ElectroScience Lab student earns 2022 IEEE APS summer research scholarship

Posted: July 25, 2022

A Buckeye engineer earned support for his radar remote sensing research at the ElectroScience Laboratory at the Ohio State University this summer.

Electrical and computer engineering student Dinan Bai, advised by Professor Joel Johnson, won the 2022 IEEE Antennas and Propagation Society Undergraduate Summer Research scholarship for his work in remote sensing at The Ohio State University. It provides $3,000 in funding for the semester.

Engineers are often known for their childhood fascination with the mysteries of technologies. As a boy, Bai said radio was like magic. He became captivated with his grandfather’s work fixing communication systems as an engineer for the Shanghai Railroad Station.

“He always took me to the station and showed me the antenna and communication devices and explained how they work,” Bai said. “I was always wondering how a voice in the broadcast room can be transmitted to the whole building and trains wirelessly. My curiosity in these questions led me to want to pursue electrical engineering after I grew up.”
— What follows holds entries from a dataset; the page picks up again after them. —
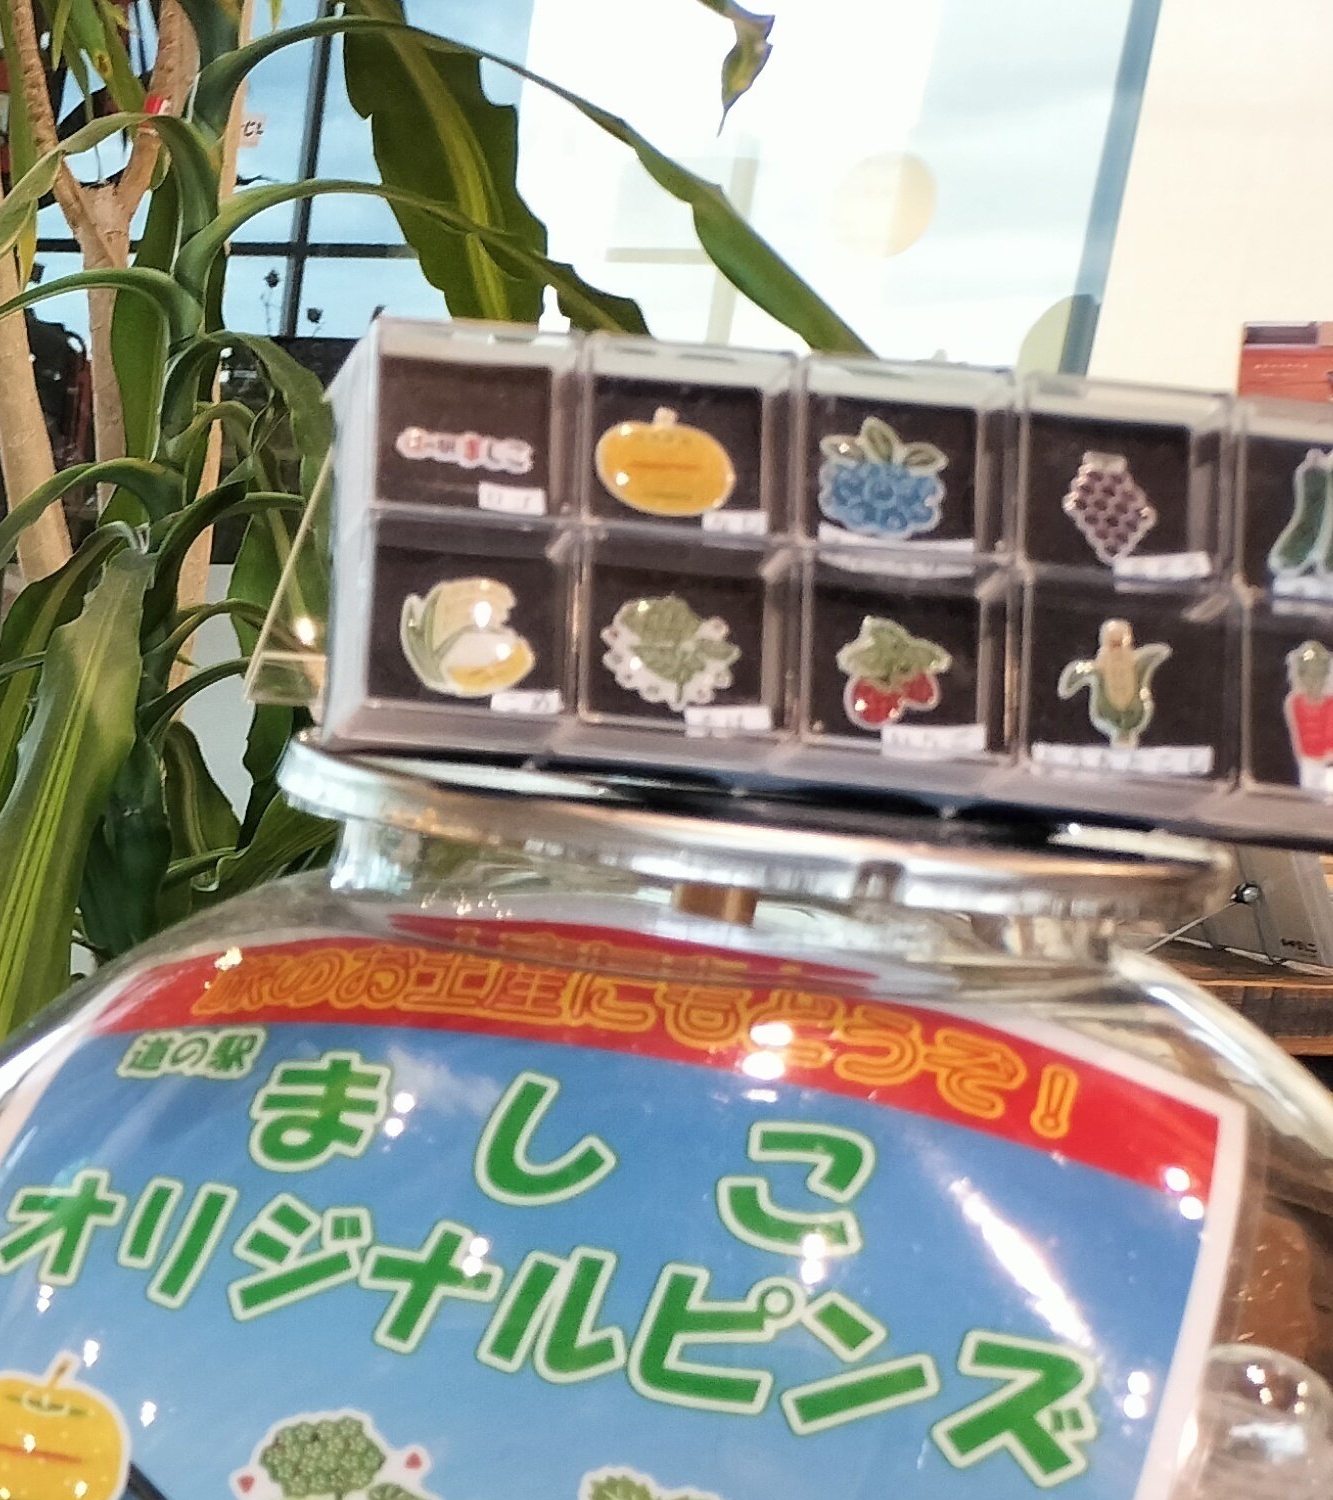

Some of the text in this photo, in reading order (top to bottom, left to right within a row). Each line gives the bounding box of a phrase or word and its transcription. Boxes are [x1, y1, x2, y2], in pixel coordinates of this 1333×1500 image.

[121, 1028, 266, 1078] 道の駅
[249, 1050, 875, 1255] ましこ
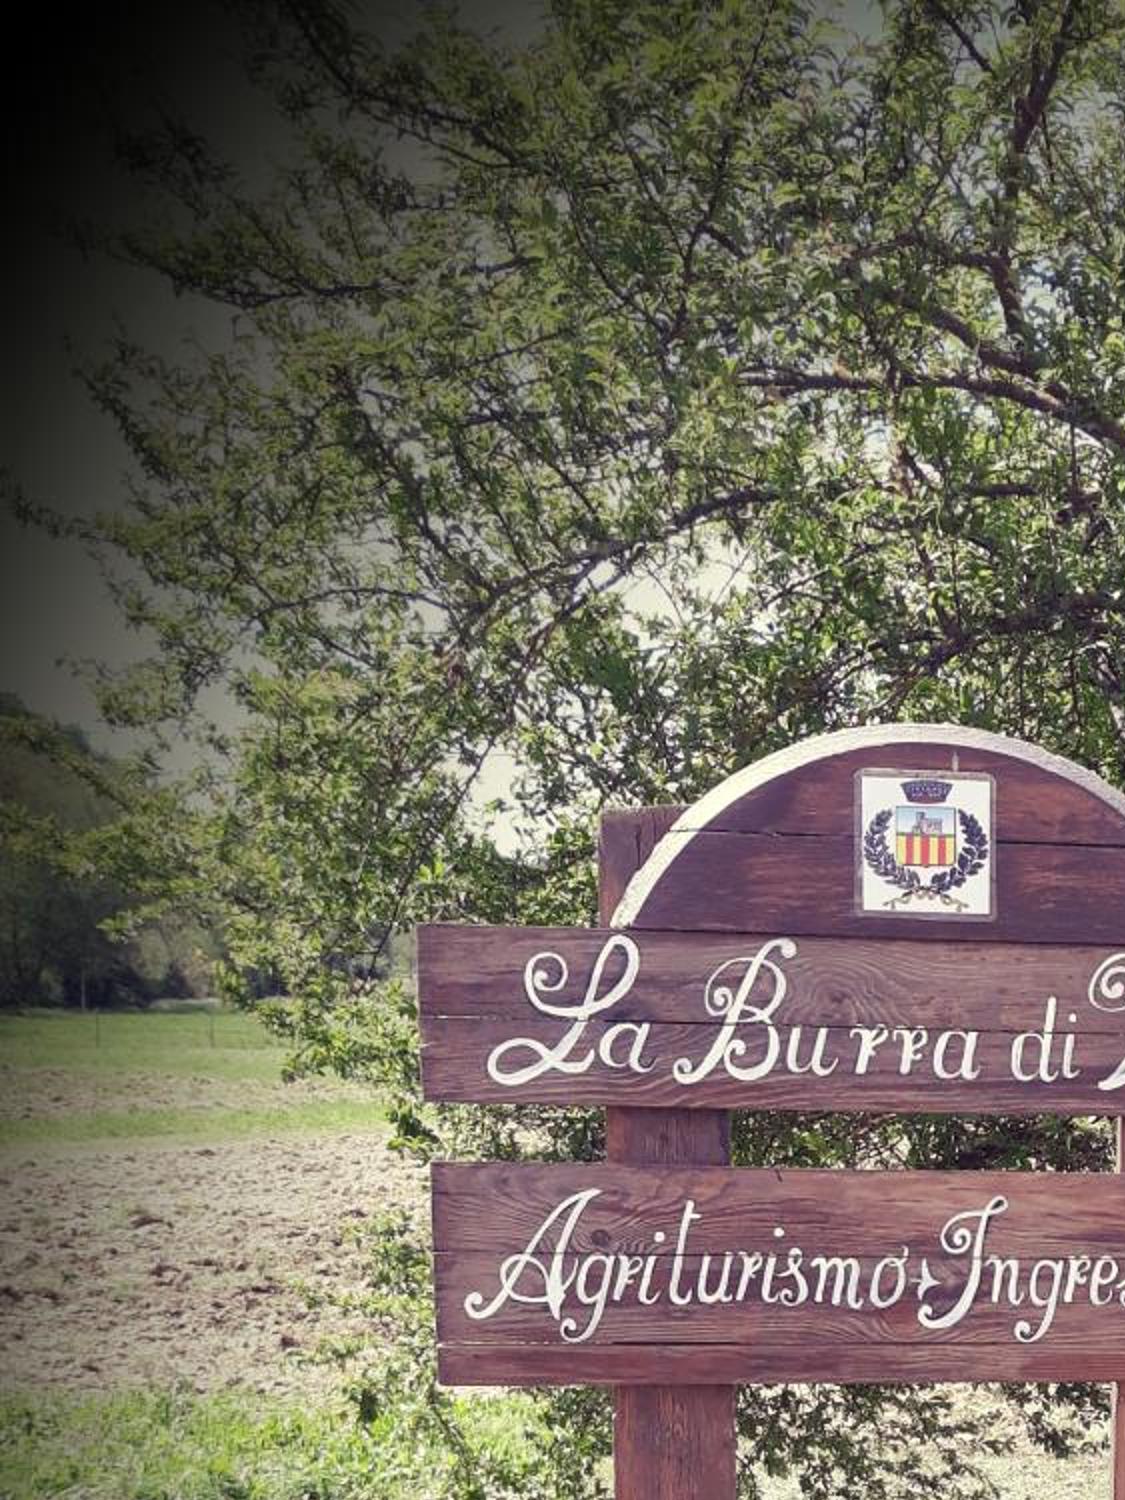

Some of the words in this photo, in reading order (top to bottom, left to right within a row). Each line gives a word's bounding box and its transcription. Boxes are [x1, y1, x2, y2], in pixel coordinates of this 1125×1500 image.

[486, 933, 659, 1087] La
[672, 936, 981, 1086] Burra
[1010, 996, 1081, 1084] di
[463, 1187, 909, 1344] Agriturismo
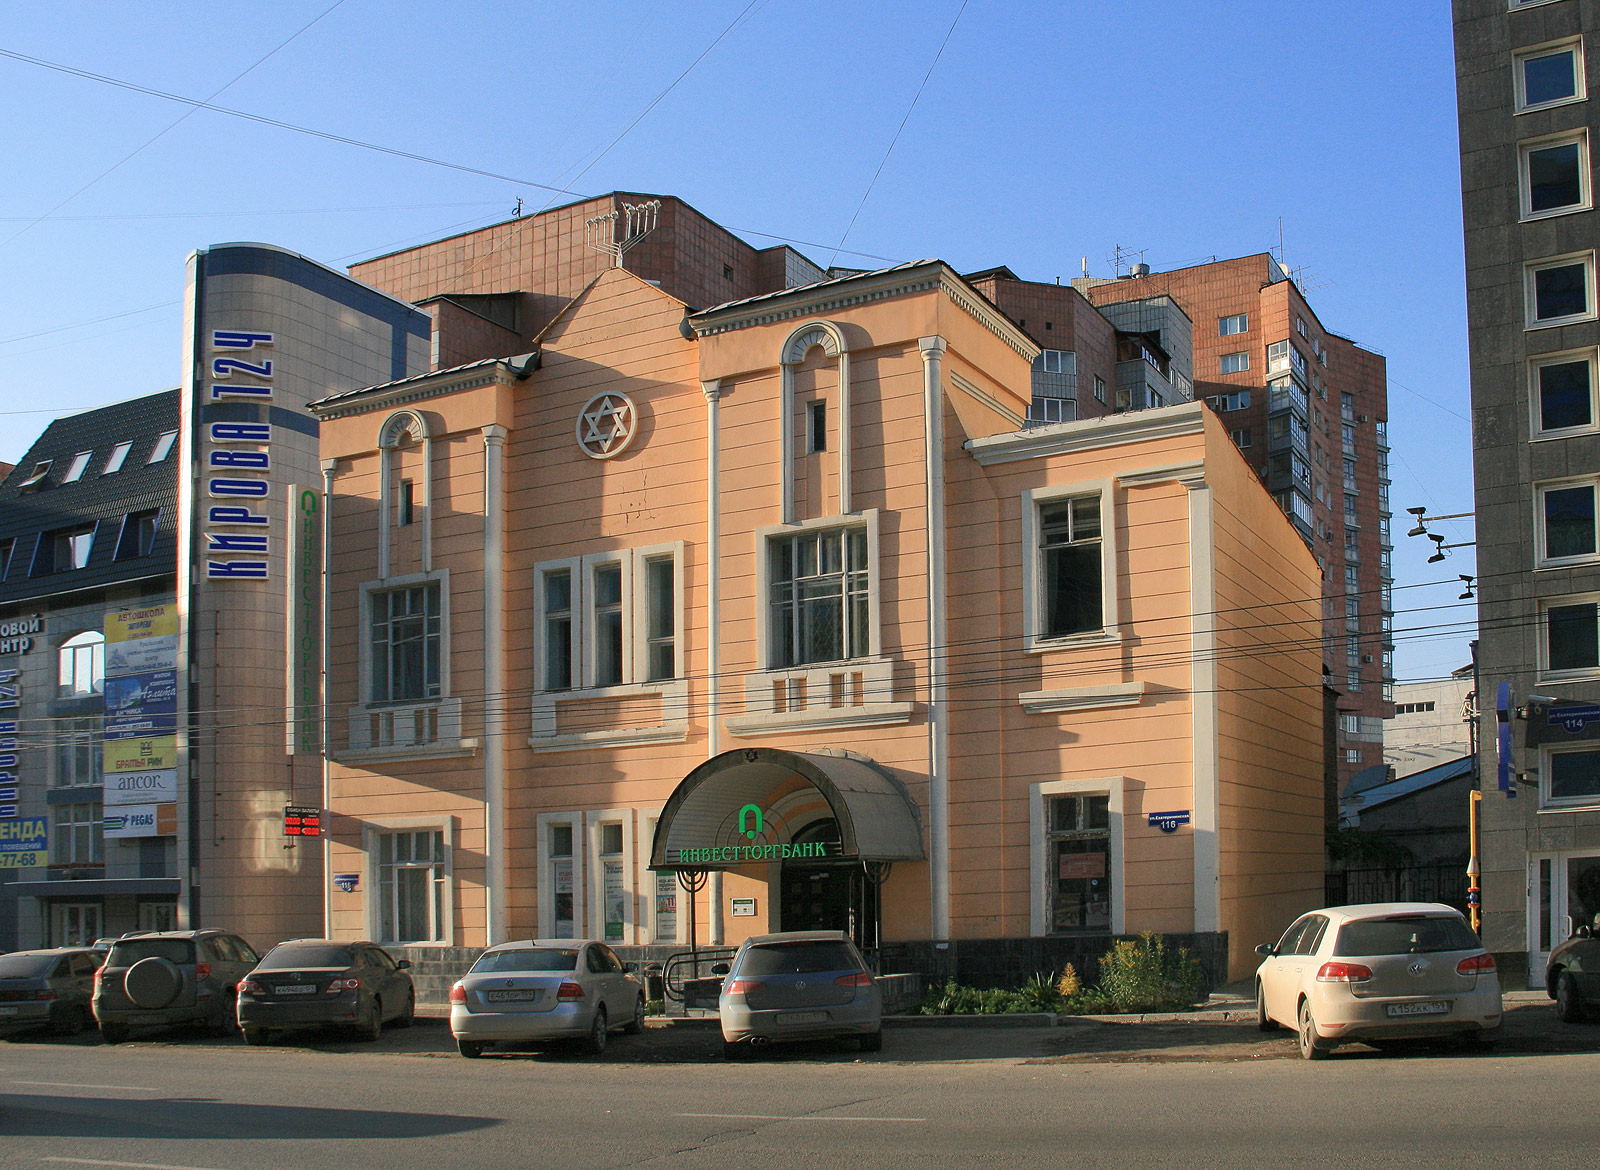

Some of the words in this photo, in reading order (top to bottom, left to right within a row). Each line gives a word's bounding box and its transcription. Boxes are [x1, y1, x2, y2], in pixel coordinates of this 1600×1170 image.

[212, 330, 274, 400] 124
[206, 421, 272, 580] КИРОВА
[117, 608, 165, 623] АВТОШКОЛА
[1565, 719, 1583, 728] 114
[118, 774, 167, 790] ancor
[131, 814, 154, 826] PEGAS
[1160, 820, 1176, 829] 116
[679, 842, 827, 863] ИНВЕСТТОРГБАНК
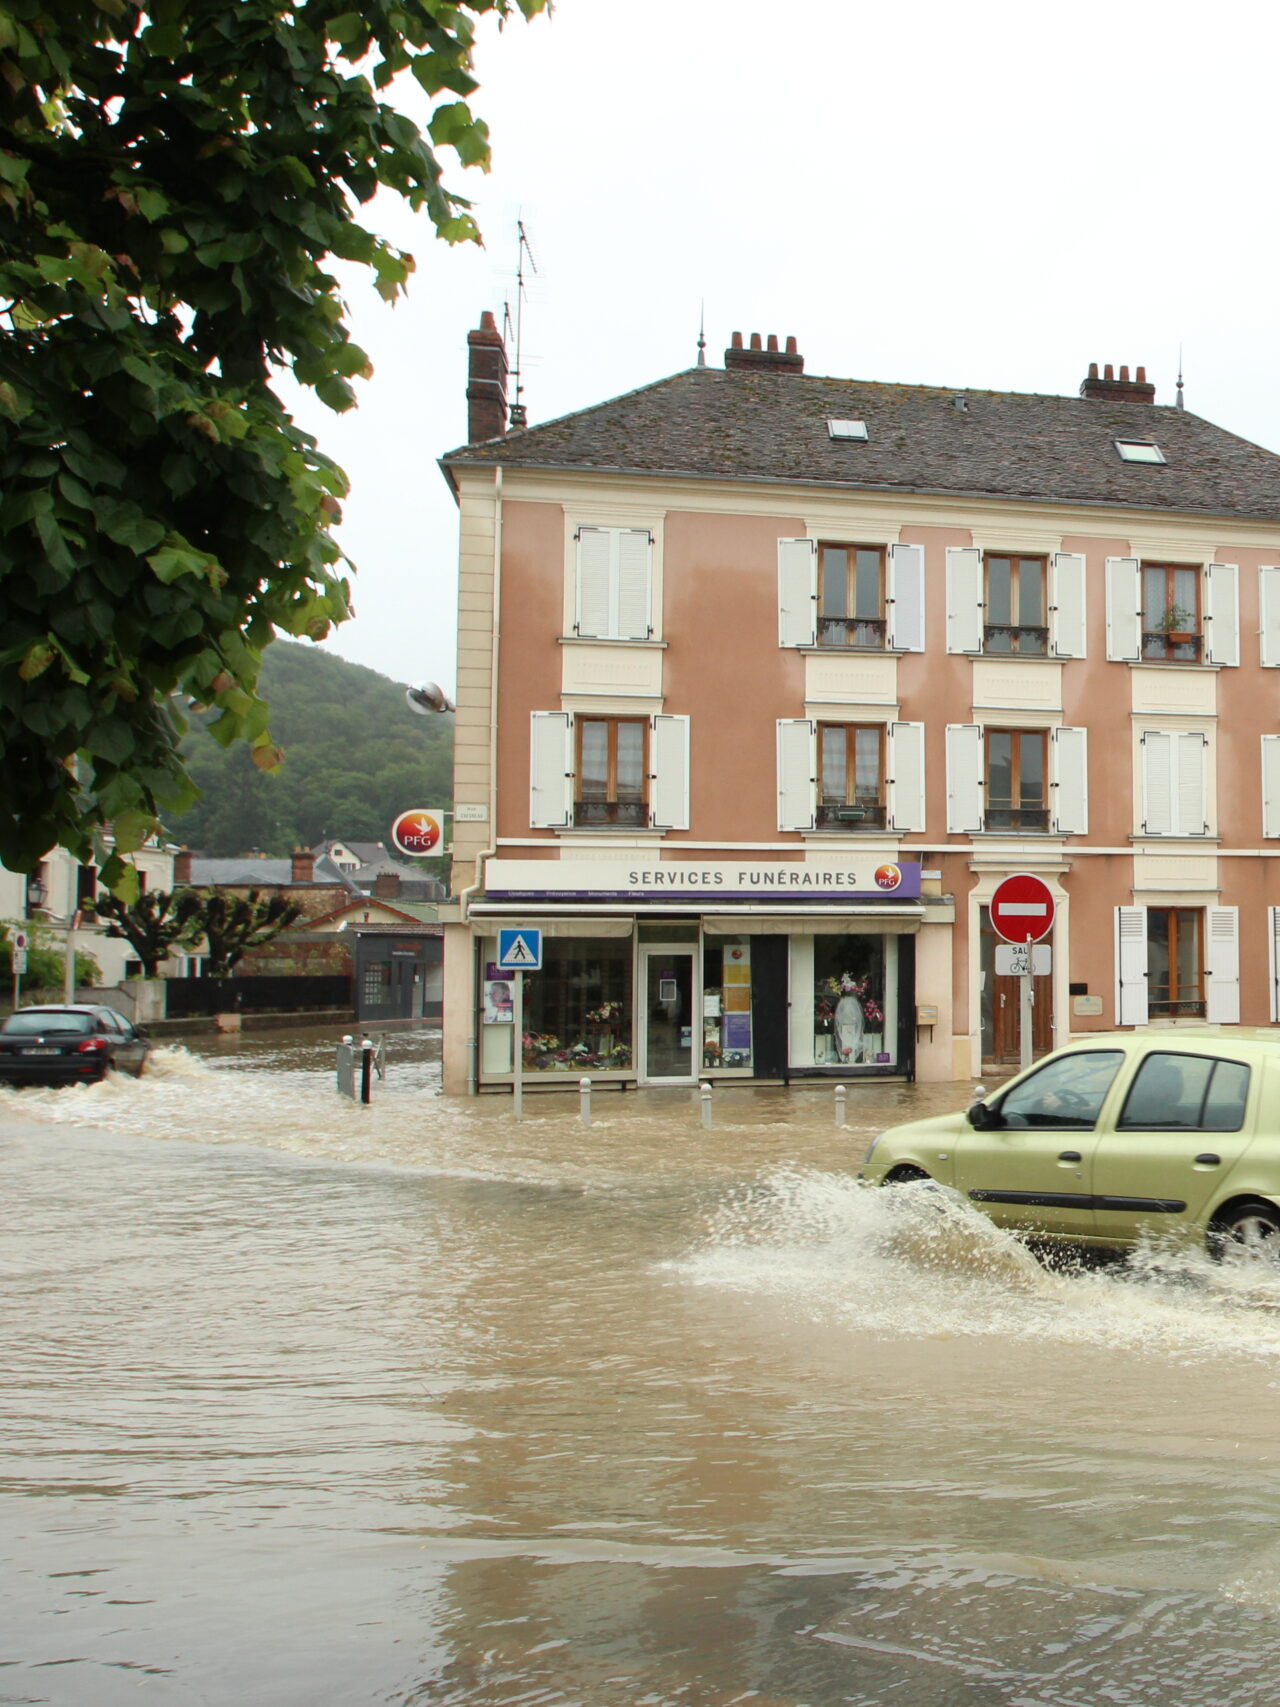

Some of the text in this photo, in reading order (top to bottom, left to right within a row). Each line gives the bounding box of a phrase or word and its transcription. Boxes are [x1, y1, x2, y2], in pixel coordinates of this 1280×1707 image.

[404, 835, 431, 846] PFG
[628, 869, 858, 885] SERVICES FUNÉRAIRES
[878, 878, 895, 886] PFG
Bai is now working with satellite and airborne technologies at Ohio State to discern information on the Earth’s geophysical properties. He finished the first stage of his research during the spring semester. Ultimately, he will submit his results for publication in IEEE.

“My work specifically focuses on the modeling of ocean surface delay doppler maps,” he said.

The ESL team created a predictive software to model the ocean-reflected delay doppler maps measured in airborne S-Band signal of opportunity reflectometry, to see the utility of non-specular part of the delay doppler maps for ocean surface windspeed retrieval. The end result helps advance the windspeed retrieval method and reveals the impact of antenna pattern on delay doppler maps and polarizations of received signals in both airborne and satellite platforms.

Bai said the goal of his work is to further understand remote sensing of ocean surface roughness and windspeed as it relates to weather prediction.

“I expect that the model will help the development of next generation reflectometry equipped with dual-polarization channels,” he said.

With the help of the IEEE scholarship, Bai plans to pursue his Ph.D. at the University of Michigan.

“I want to be a researcher in microwave remote sensing and get involved in more satellite remote sensing missions for Earth and planetary science,” Bai said.

During his time at Ohio State, he said earning research experience as an undergraduate helped him gain more skills outside of the classroom. His advice to new ECE engineering students is to be vocal with the professors about their academic and career goals.

“Our ECE department is a very large one where you can find opportunities and resources,” Bai said. “There are always professors and researchers working in this field. Do not hesitate to express your interest to them.”

Bai said he finds professors appreciate hardworking and passionate students.

“They will provide you helpful and valuable advice and instructions to guide you toward your success,” he said.